The NameNode is the centerpiece of an HDFS file system. It keeps the directory tree of all files in the file system, and tracks where across the cluster the file data is kept. It does not store the data of these files itself. ... The NameNode is a Single Point of Failure for the HDFS Cluster
What is Datanode ?
A DataNode stores data in the [HadoopFileSystem]. A functional filesystem has more than one DataNode, with data replicated across them. ... It then responds to requests from the NameNode for filesystem operations. Client applications can talk directly to a DataNode, once the NameNode has provided the location of the data.
What is Client Node ?
Client nodes are in charge of loading the data into the cluster. Client nodes first submit MapReduce jobs describing how data needs to be processed, and then fetch the results once the processing is finished.
What is Ansible ?
Ansible is a software tool that provides simple but powerful automation for cross-platform computer support.
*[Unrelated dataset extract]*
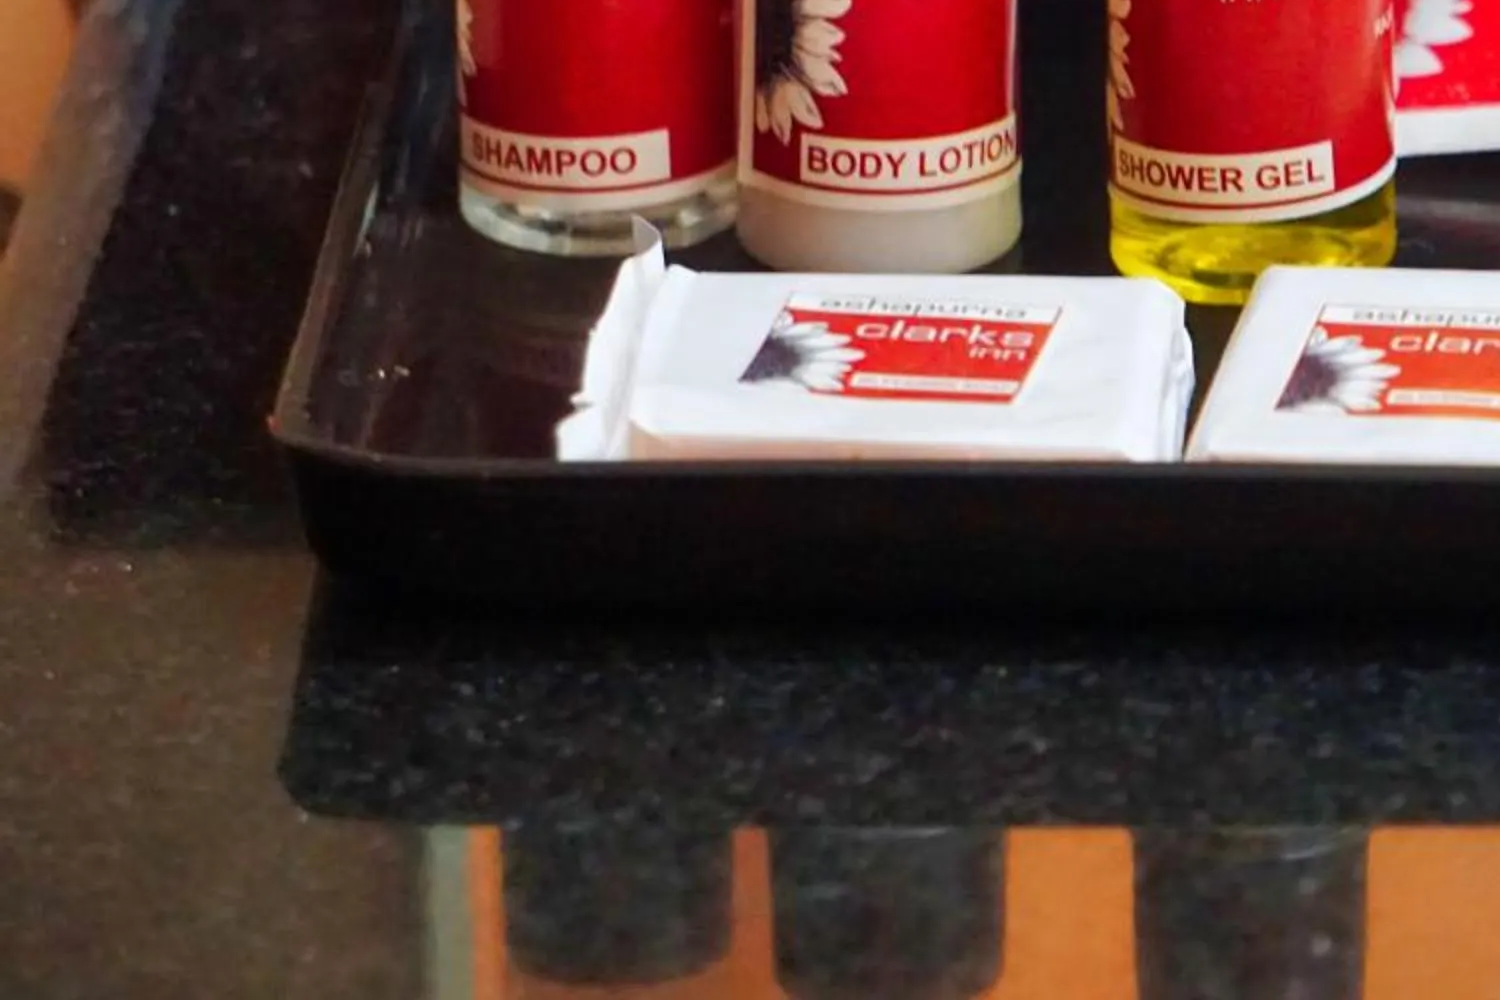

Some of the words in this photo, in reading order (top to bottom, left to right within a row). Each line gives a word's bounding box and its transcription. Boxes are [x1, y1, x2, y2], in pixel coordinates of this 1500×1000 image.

It is primarily intended for IT professionals, who use it for application deployment, updates on workstations and servers, cloud provisioning, configuration management, intra-service orchestration, and nearly anything a systems administrator does on a weekly or daily basis. Ansible doesn't depend on agent software and has no additional security infrastructure, so it's easy to deploy.
How Ansible works
In Ansible, there are two categories of computers: the control node and managed nodes. The control node is a computer that runs Ansible. There must be at least one control node, although a backup control node may also exist. A managed node is any device being managed by the control node.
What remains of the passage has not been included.